Architecture as a human habitat provides the "stage set" for this dance-choreographic experiment. In an existing architecture, the participants explore the relationship between proximity and distance, place and boundary and the possibilities of human communication within it through dance. Through the dance's engagement with the urban architecture, choreographic methods change and the space is restructured.
Gerardi, a dancer trained at the Gret Palucca University of Dance, gives students the opportunity to approach the space in a moving way under professional guidance. Using elements of contemporary dance, he explores various places, human relationships and the communication of personal emotions.

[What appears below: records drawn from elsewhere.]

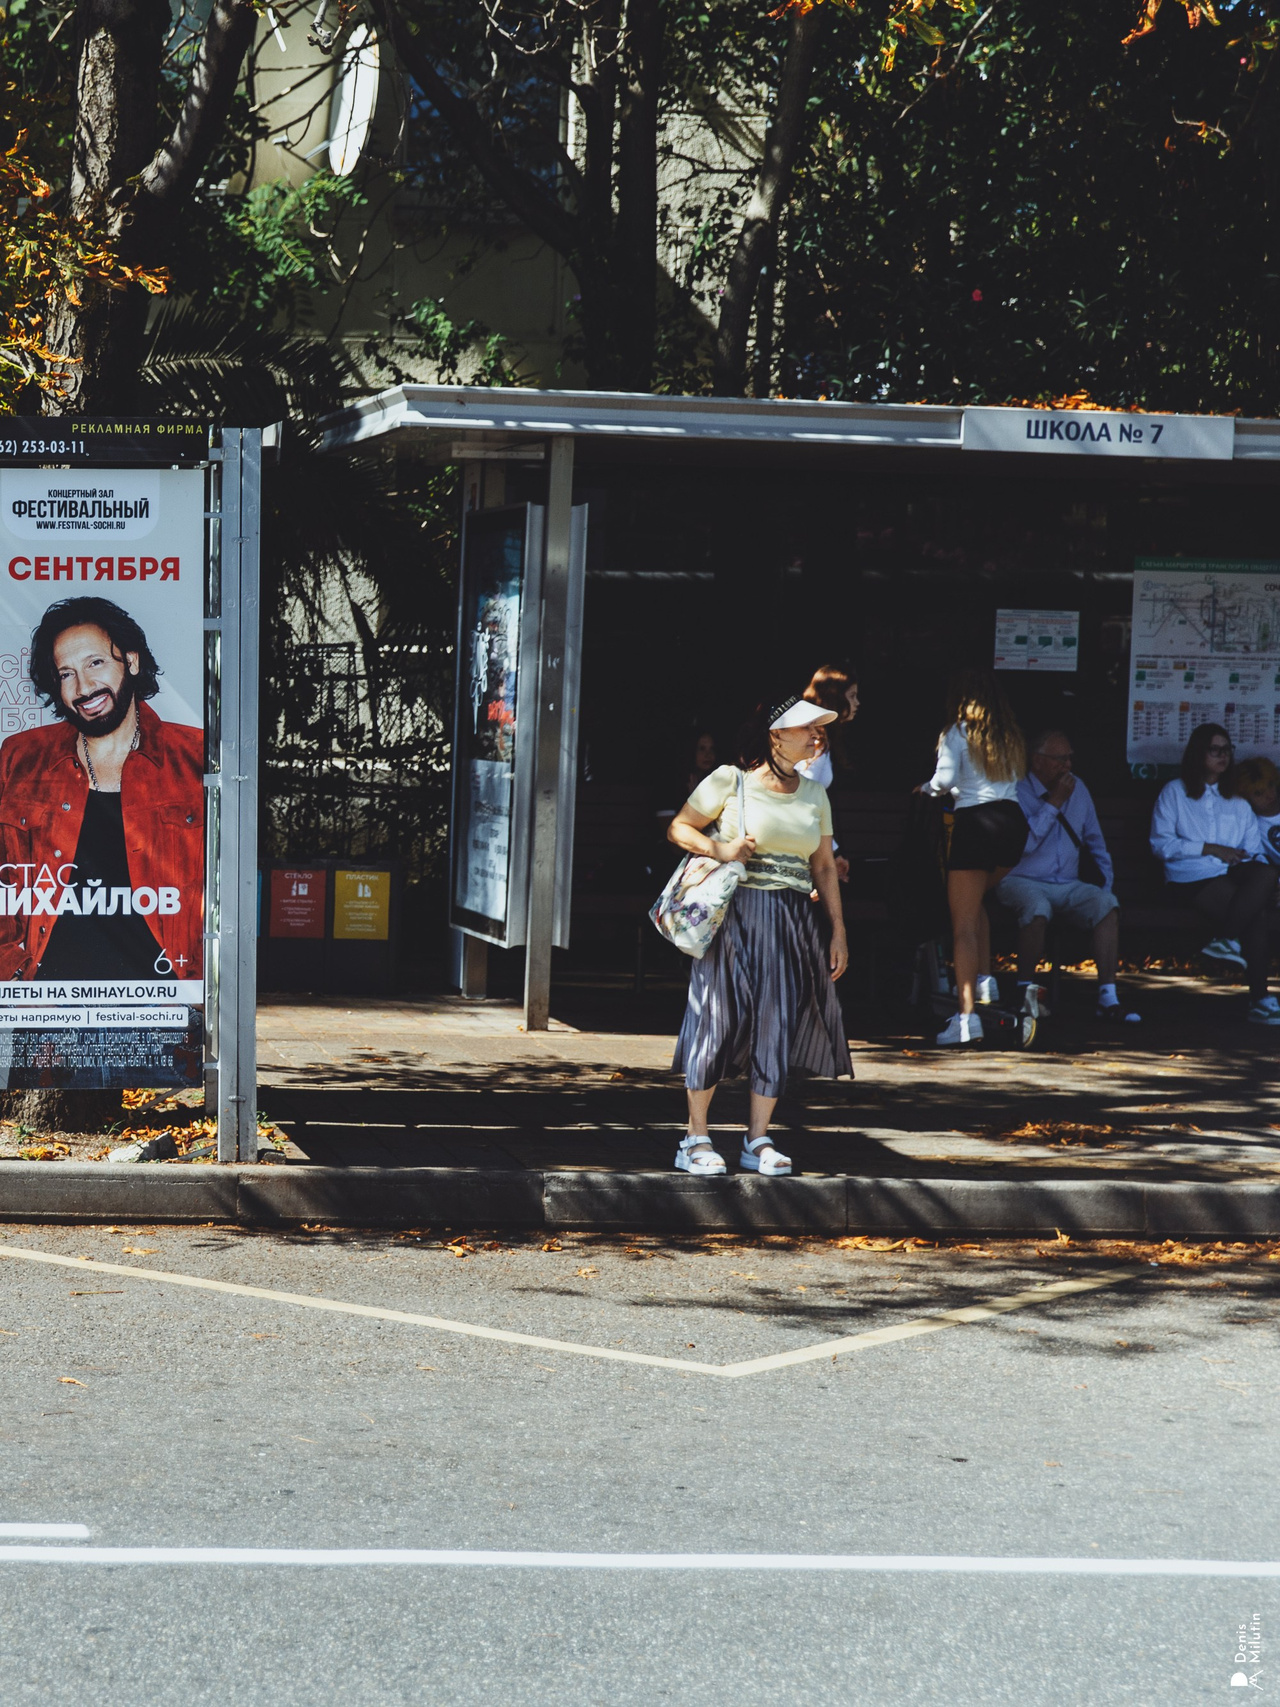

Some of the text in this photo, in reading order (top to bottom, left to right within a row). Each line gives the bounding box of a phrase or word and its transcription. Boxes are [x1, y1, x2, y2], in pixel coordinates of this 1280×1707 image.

[71, 423, 205, 436] РЕКЛАМНАЯ ФИРМА
[1025, 418, 1165, 445] ШКОЛА № 7
[22, 440, 86, 454] 253-03-11
[47, 488, 114, 498] КОНЦЕРТНЫЙ ЗАЛ
[11, 497, 150, 519] ФЕСТИВАЛЬНЫЙ
[35, 520, 127, 531] WWW.FESTIVAL-SOCHI.RU
[7, 556, 181, 581] СЕНТЯБРЯ
[284, 872, 313, 880] СТЕКЛО
[345, 873, 380, 881] ПЛАСТИК
[153, 948, 189, 975] 6+
[46, 986, 68, 999] НА
[70, 986, 178, 999] SMIHAYLOV.RU
[21, 1013, 82, 1025] напрямую
[95, 1010, 184, 1022] festival-sochi.ru

In collaboration with the author, he conveys the individual experiences of all those involved in the process: the dancers, the musicians, the dramaturges and the set designers. This combination strongly reflects his choreographic style, which is based on modern and contemporary dance with influences from ballet technique and achieves a combination of different but interdependent genres.
He works with professional dancers as well as with amateur dancers, such as the students of the Bachelor of Architecture and Urbanism at the Bauhaus University Weimar.
On the basis of these experiences, in the last six weeks of the first semester of the Bachelor of Architecture, a garden and a pavilion structure are designed, which ideally results in a micro-architecture after the second semester.
These micro-architectures are then used for a scenographic setting in which the students act choreographically with each other. The object of investigation is the handling of the designed objects and the spatial considerations that provide the impetus for the choreographic experimental arrangement for a "performative architectonics".
Over the course of six weeks, garden and detailed models will be created for the specific site, in this case the parking garage. The ideas are presented in a 60/180 cm plan flag: a site plan explains the spatial situation, a perspective diagram also introduces laypeople to the design idea. The design is illustrated in landscape section and landscape floor plan at a scale of 1:100, first as a whole and later in floor plans, views and sections as well as axonometries in detail.
For the final tour, the dancers and choreographers are in Weimar in workroom 203 of the main building and discuss all the designs of seminar group A in 2021/22.